Our first core value reads: “By calling ourselves progressive Christians, we mean we are Christians who believe that following the way and teachings of Jesus can lead to experiencing sacredness, wholeness, and unity of all life, even as we recognize that the Spirit moves in beneficial ways in many faith traditions.”
In other words, progressive Christians find deep meaning in the teachings of Jesus and use them as our primary lens for making sense of the world. Jesus is the path we have chosen to walk toward the Divine. His words, his life and his way shape our ethics, our spirituality and our hope.
At the same time, we resist the arrogance of claiming that our path is the only valid one. We affirm that while Christianity is our way, it’s not the only way.
God has never been confined to a single religious tradition. There are many paths that lead toward God, even if they are not the paths we ourselves are walking.
This perspective is not a modern concession to pluralism; it is rooted deeply in the story of Jesus himself. Twenty-first-century American Christians sometimes forget that Jesus was Jewish. He did not set out to start a new religion.
Rather, he was a religious reformer, calling his own tradition back to what he understood as its most authentic and life-giving expression. Jesus spent his time proclaiming and embodying the basileia—the reign of God breaking into the world.
Yet, within a generation of his time on earth, his followers shifted their focus from the religion of Jesus to a religion about Jesus.

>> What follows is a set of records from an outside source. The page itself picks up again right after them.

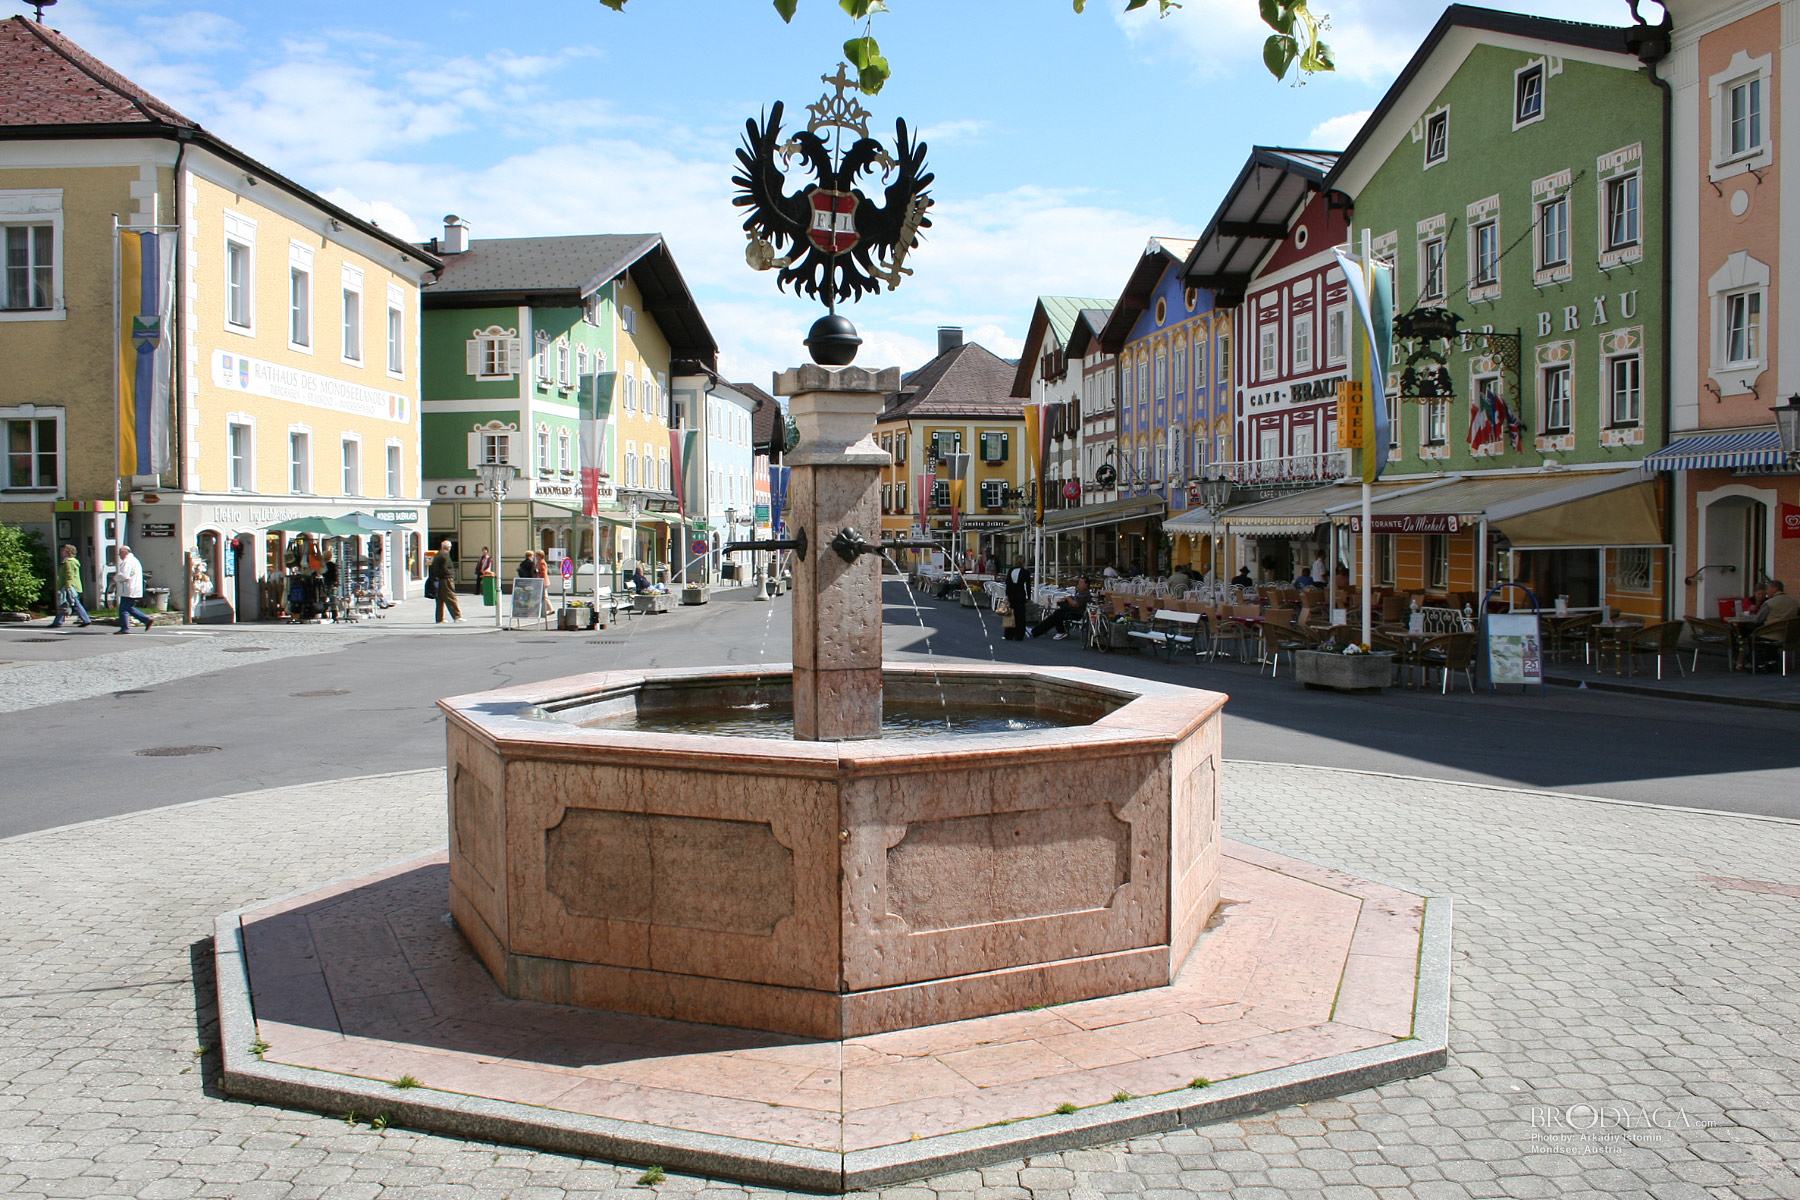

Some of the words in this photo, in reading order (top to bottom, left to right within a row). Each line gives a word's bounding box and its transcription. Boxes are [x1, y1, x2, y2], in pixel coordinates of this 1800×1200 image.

[1536, 290, 1638, 337] BRÄU
[254, 364, 298, 387] RATHAUS
[301, 375, 317, 391] DES
[320, 382, 386, 406] MONDSEELANDES
[1352, 382, 1363, 439] HOTEL
[437, 483, 485, 498] caf
[1361, 520, 1402, 528] TORANTE
[1402, 516, 1414, 532] Da
[1415, 515, 1446, 531] Michele

Christianity emerged, in part, from that transformation.
The simple fact that Jesus practiced a different religion from those of us who now claim to follow him should cultivate humility and spark interfaith curiosity. If Jesus could speak about God from within his own tradition while honoring the work of God beyond it, surely his followers can do the same.
Indeed, Jesus often made outsiders and religious “others” the heroes of his stories. The Good Samaritan in Luke’s Gospel is a striking example. The one who embodies neighborly love is not the religious insider but the foreigner—the theological enemy.

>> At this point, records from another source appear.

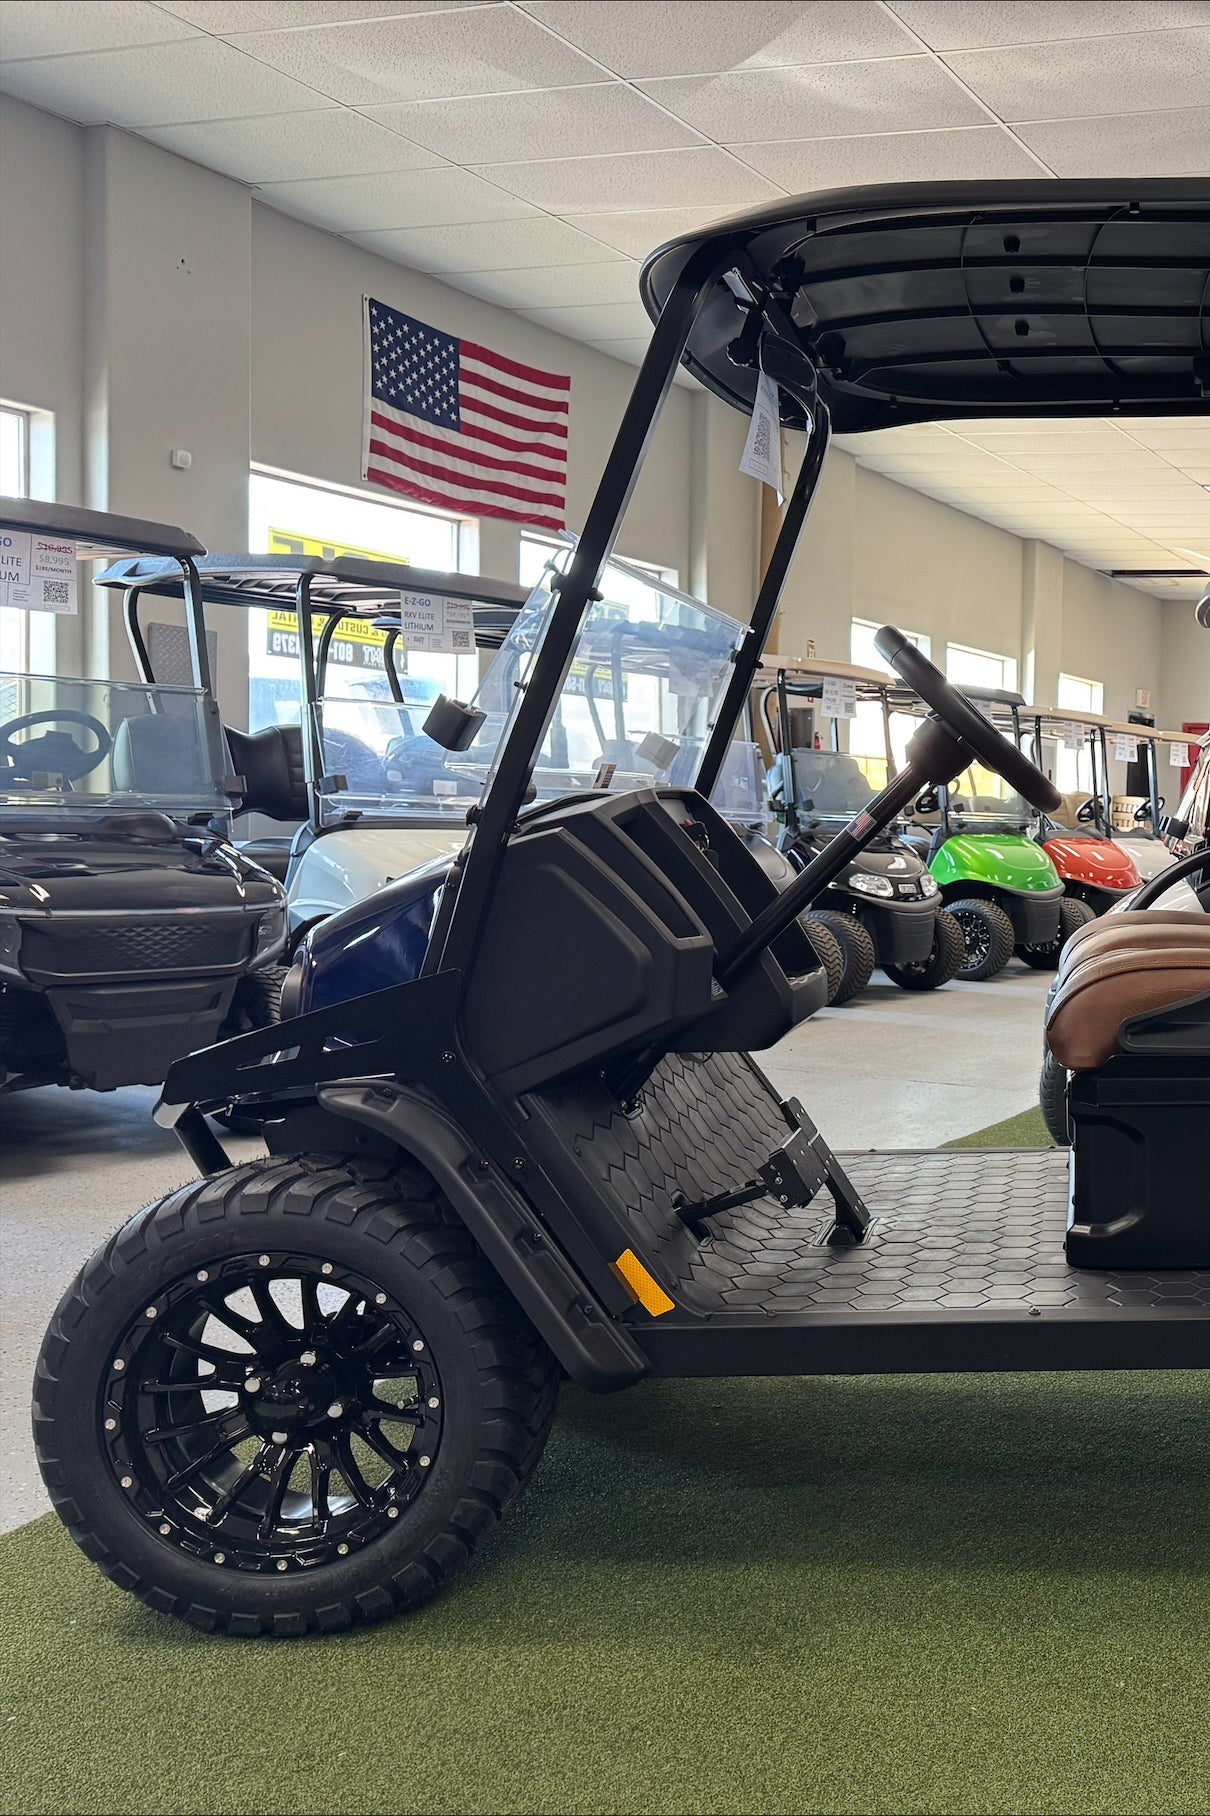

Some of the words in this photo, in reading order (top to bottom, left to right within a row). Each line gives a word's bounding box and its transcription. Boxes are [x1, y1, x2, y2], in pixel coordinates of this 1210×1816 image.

[404, 597, 431, 607] E-Z-GO
[418, 612, 435, 621] ELITE
[404, 622, 434, 631] LITHIUM
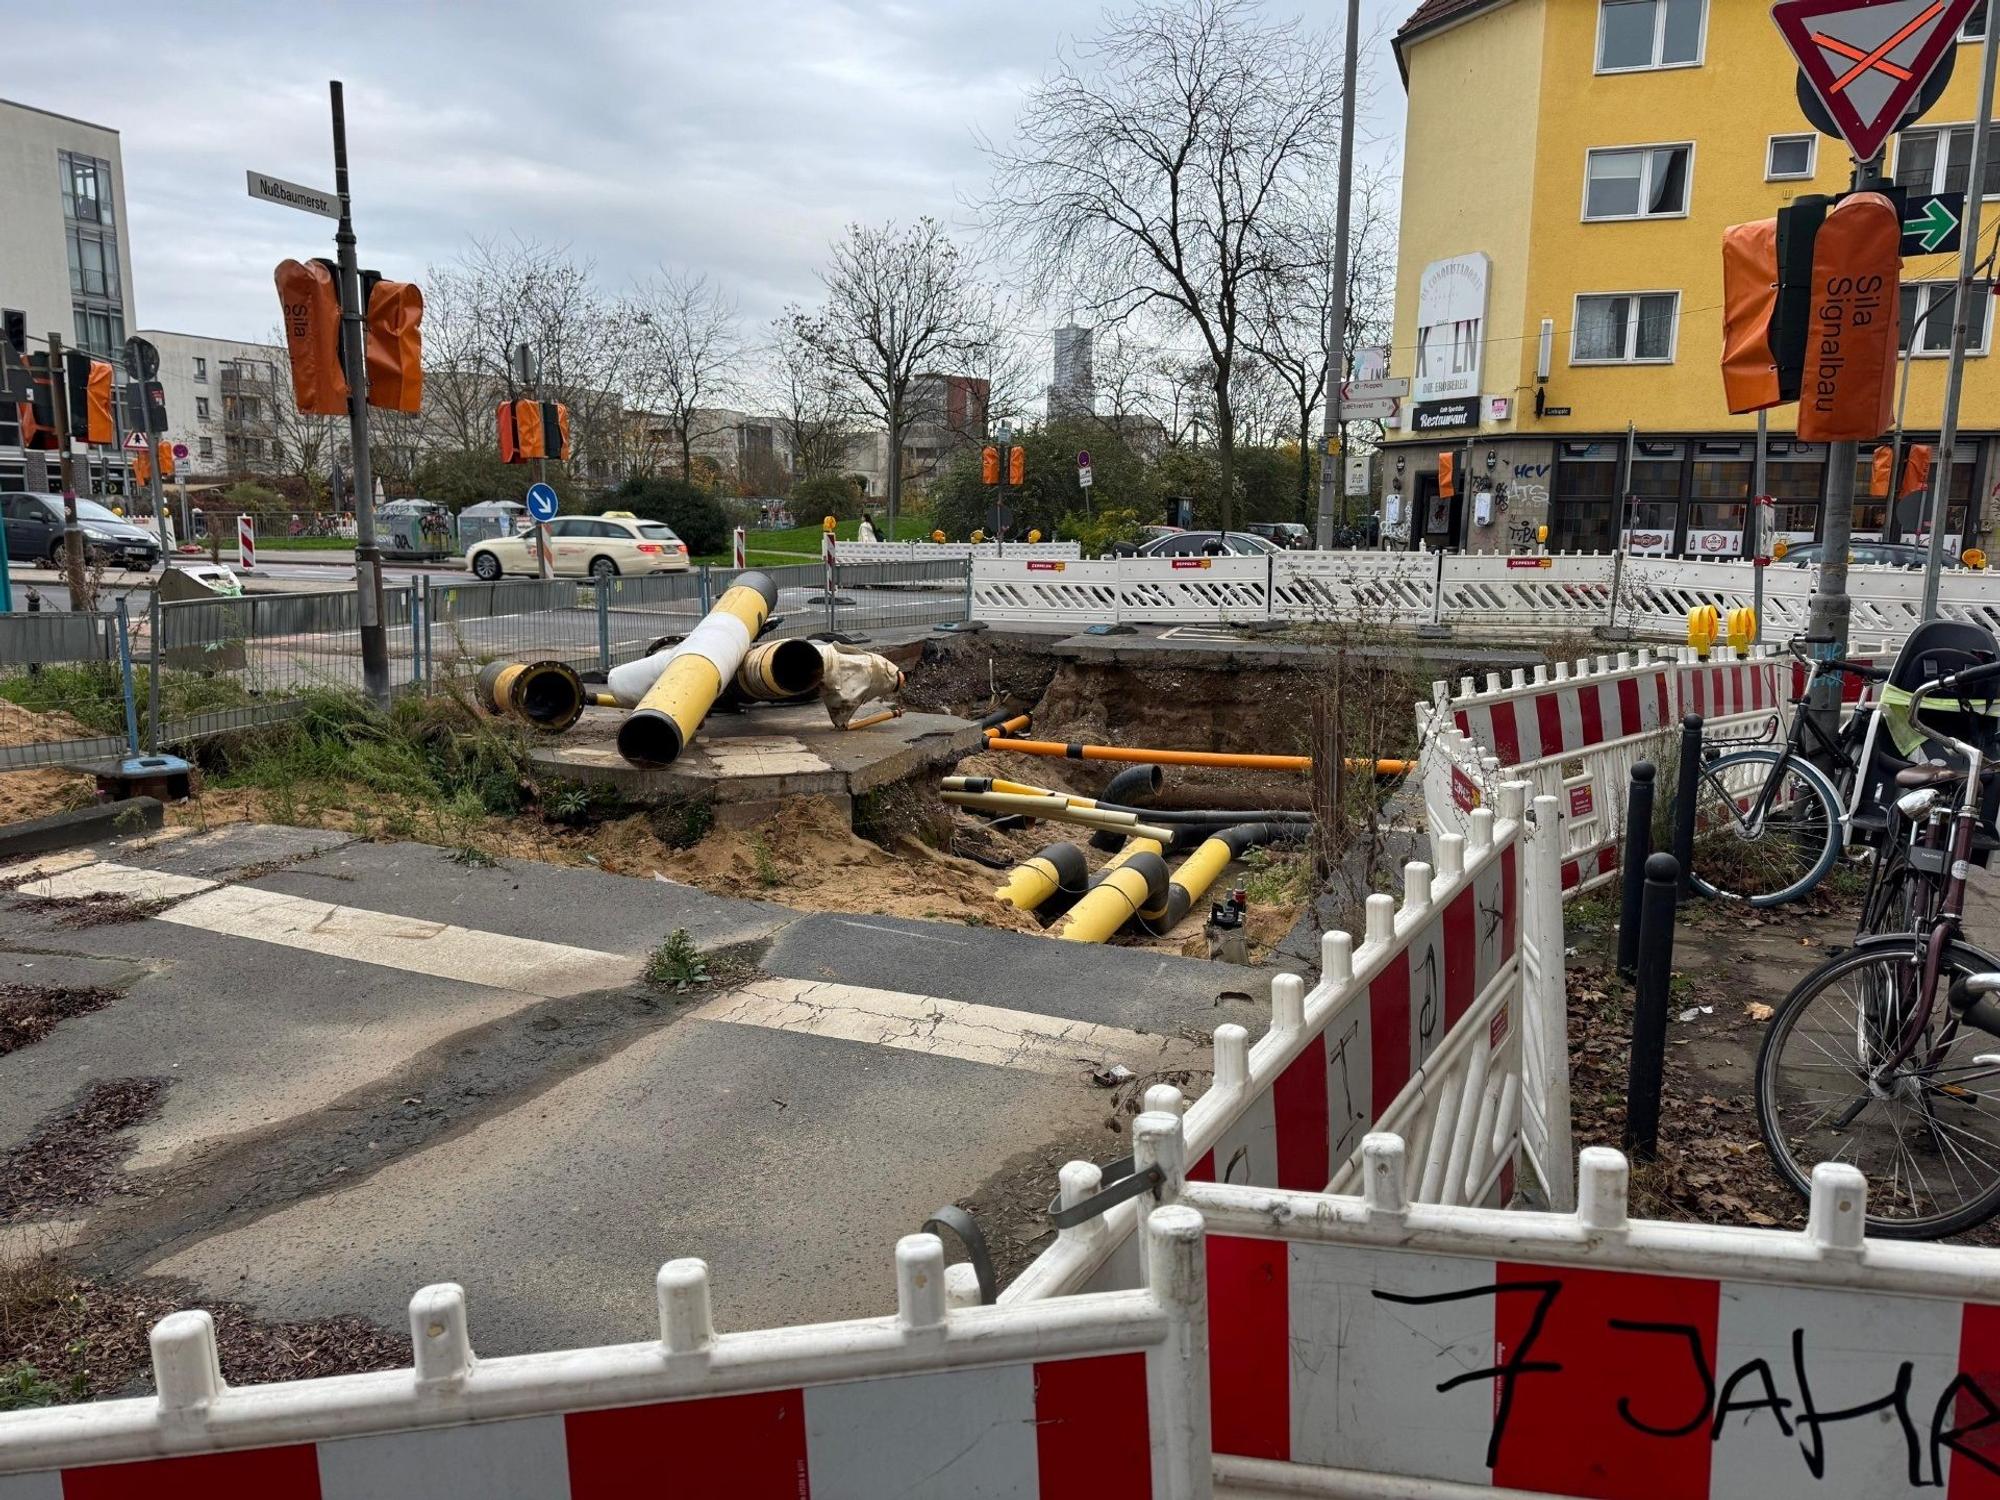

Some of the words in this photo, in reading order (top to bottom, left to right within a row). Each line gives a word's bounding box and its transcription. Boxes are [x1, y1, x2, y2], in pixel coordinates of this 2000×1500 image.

[260, 179, 330, 212] Nußbaumerstr.
[292, 303, 308, 338] Sila
[1852, 275, 1883, 327] Sila
[1815, 276, 1853, 412] Signalbau
[1420, 412, 1468, 428] Restaurant
[1371, 1280, 1563, 1469] 7

It is deeply ironic, then, that Christian fundamentalism so often insists on exclusivism when Jesus himself consistently undermined it. To claim people living in this particular place, at this exact moment in history, have somehow cornered the market on divine truth is not only implausible; it is spiritually impoverishing. Such certainty robs us of the richness that comes from encountering God through other traditions.
My own faith has been profoundly shaped by wisdom beyond Christianity. Taoism, for instance, helped me let go of the “old guy in the sky” image of God that much of Christianity has handed down. Instead, I began to understand God as a sacred, cosmic reality that binds all living things together—a presence perceptible when we learn to move with, rather than against, the flow of life.
Buddhism has taught me how much of our suffering is self-inflicted, born from our attachments. For me, that attachment often shows up as clinging to expectations about how I think things should go.
Each religious tradition carries wisdom because God is simply too expansive to be contained by any single system or set of doctrines. Most people’s god, frankly, is entirely too small.
What I’ve discovered is learning from other traditions has not weakened my Christian faith; it has clarified it. The more I explore other paths, the more I appreciate the beauty of the one I am walking.
Interfaith openness does not require abandoning Christian identity; it invites us to inhabit it more deeply and honestly. It also allows us to find common ground with people of other faiths and with those of no faith at all, so that we might work together for the common good.
For that reason, I am grateful for other religious traditions. They expand my imagination, deepen my compassion, and help me dream about the kind of world that might be possible when we stop arguing about who owns God—and start walking, together, toward love.